* Source data *
──────────

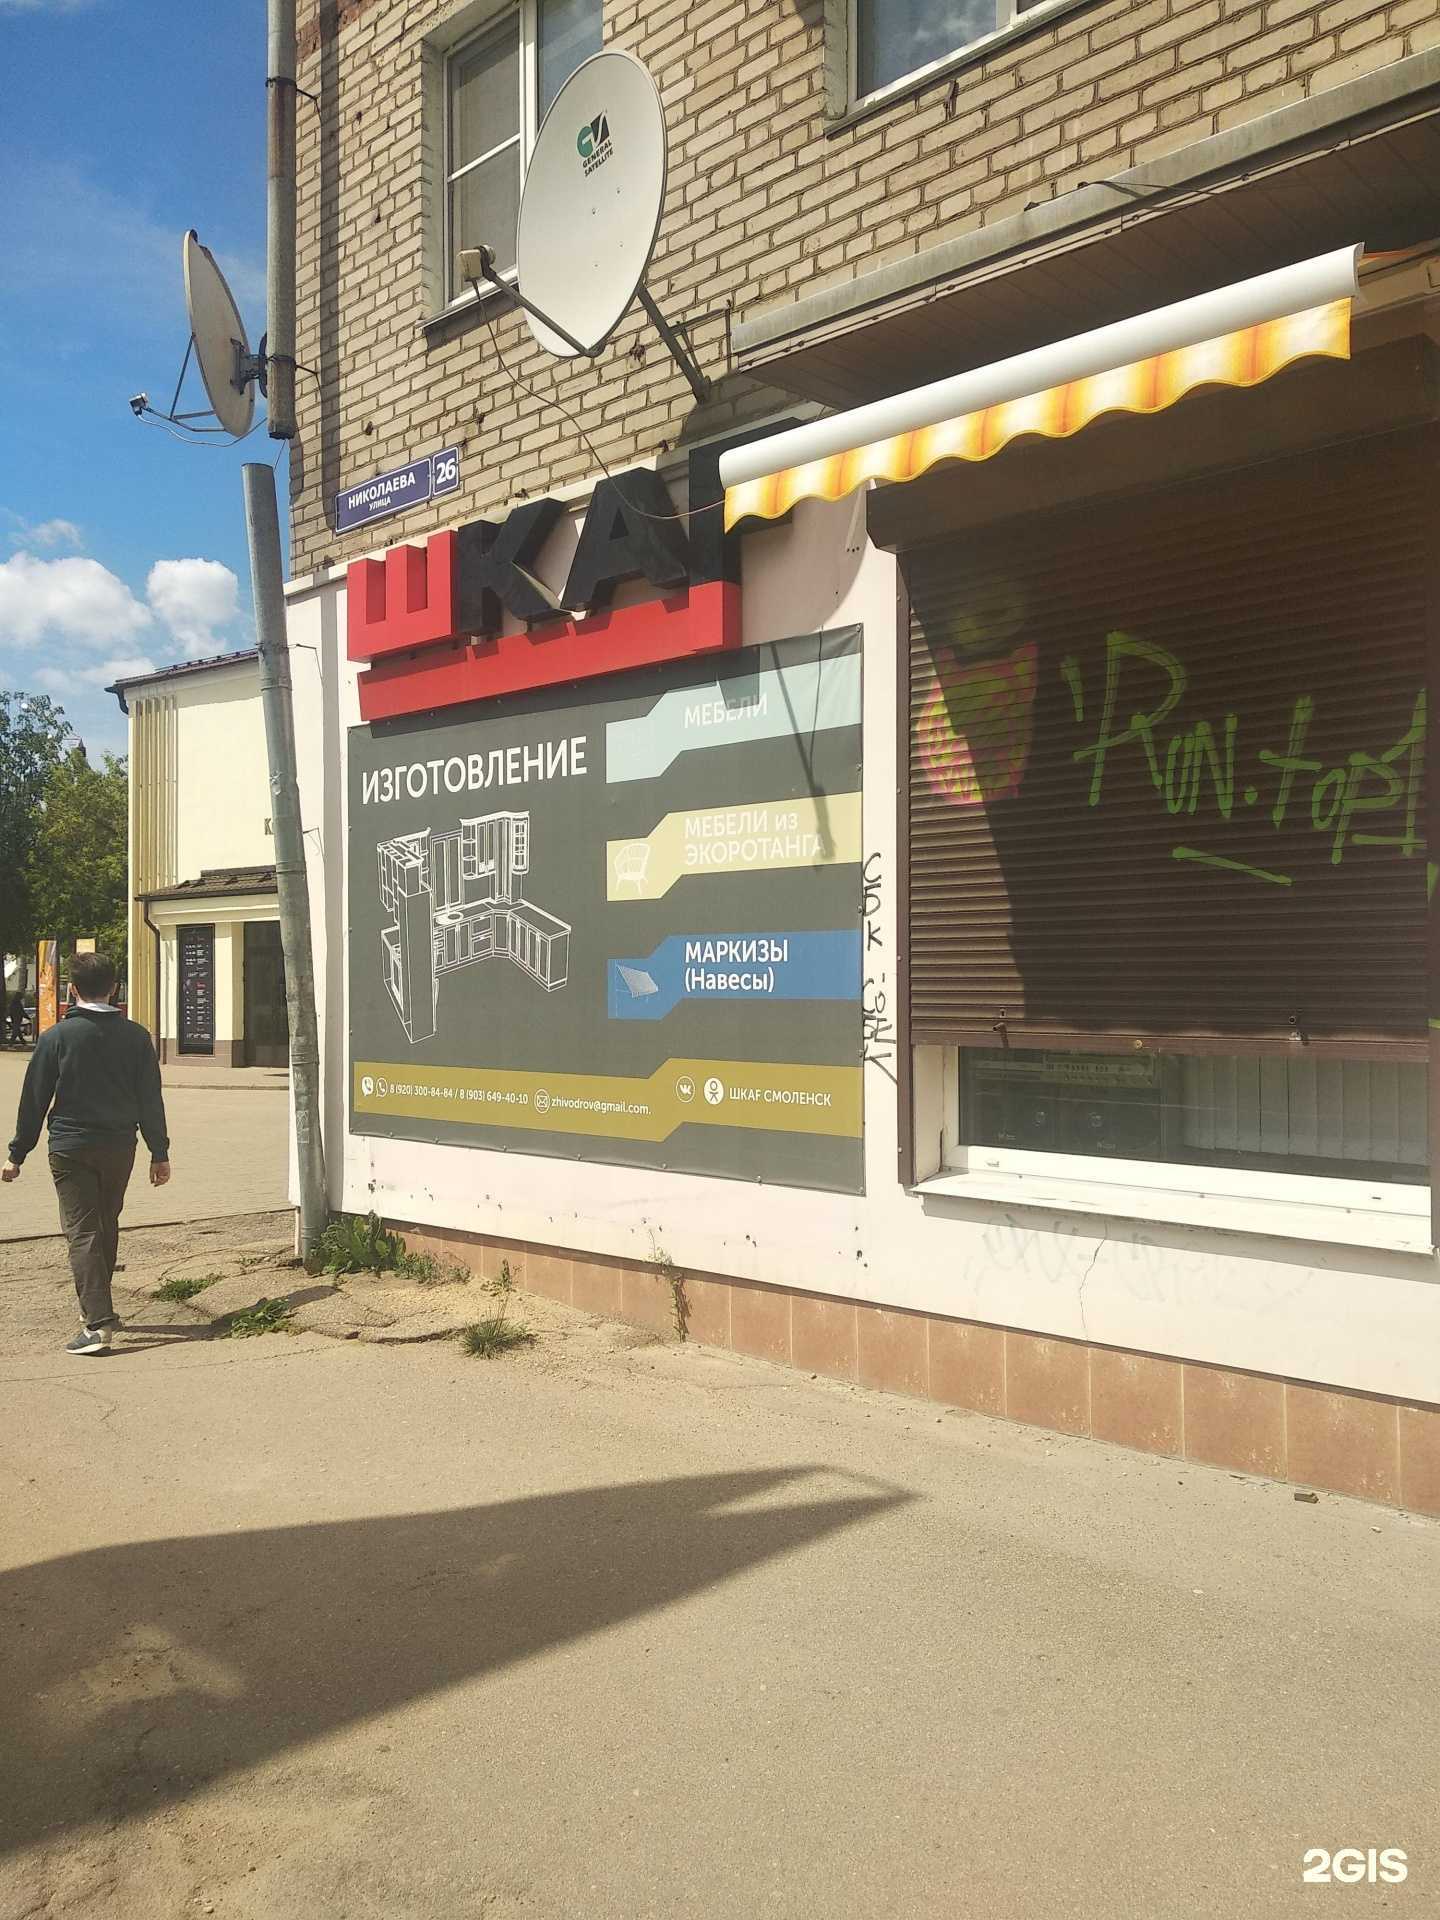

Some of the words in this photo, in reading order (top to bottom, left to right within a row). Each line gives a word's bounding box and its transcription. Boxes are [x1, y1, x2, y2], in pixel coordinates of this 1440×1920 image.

[582, 139, 612, 168] GENERAL
[584, 147, 614, 177] SATELLITE
[436, 457, 456, 485] 26
[348, 471, 416, 510] НИКОЛАЕВА
[368, 496, 392, 511] УЛИЦА
[684, 695, 768, 729] МЕБЕЛИ
[361, 735, 588, 805] ИЗГОТОВЛЕНИЕ
[685, 810, 768, 839] МЕБЕЛИ
[775, 813, 798, 832] из
[685, 833, 826, 866] ЭКОРОТАНГА
[685, 939, 789, 963] МАРКИЗЫ
[685, 966, 775, 993] (Навесы)
[389, 1083, 395, 1093] 8
[395, 1084, 413, 1096] (920)
[414, 1085, 453, 1098] 300-84-84
[459, 1089, 465, 1099] 8
[466, 1089, 485, 1102] (903)
[486, 1090, 529, 1105] 649-40-10
[551, 1097, 652, 1115] zhivodrov@gmail.com.
[763, 1090, 832, 1107] СМОЛЕНСК

──────────

* Task *
Restate the full listing verbatim and drop every picture.

* Result for this task *
Some of the words in this photo, in reading order (top to bottom, left to right within a row). Each line gives a word's bounding box and its transcription. Boxes are [x1, y1, x2, y2], in pixel coordinates of this 1440×1920 image.

[582, 139, 612, 168] GENERAL
[584, 147, 614, 177] SATELLITE
[436, 457, 456, 485] 26
[348, 471, 416, 510] НИКОЛАЕВА
[368, 496, 392, 511] УЛИЦА
[684, 695, 768, 729] МЕБЕЛИ
[361, 735, 588, 805] ИЗГОТОВЛЕНИЕ
[685, 810, 768, 839] МЕБЕЛИ
[775, 813, 798, 832] из
[685, 833, 826, 866] ЭКОРОТАНГА
[685, 939, 789, 963] МАРКИЗЫ
[685, 966, 775, 993] (Навесы)
[389, 1083, 395, 1093] 8
[395, 1084, 413, 1096] (920)
[414, 1085, 453, 1098] 300-84-84
[459, 1089, 465, 1099] 8
[466, 1089, 485, 1102] (903)
[486, 1090, 529, 1105] 649-40-10
[551, 1097, 652, 1115] zhivodrov@gmail.com.
[763, 1090, 832, 1107] СМОЛЕНСК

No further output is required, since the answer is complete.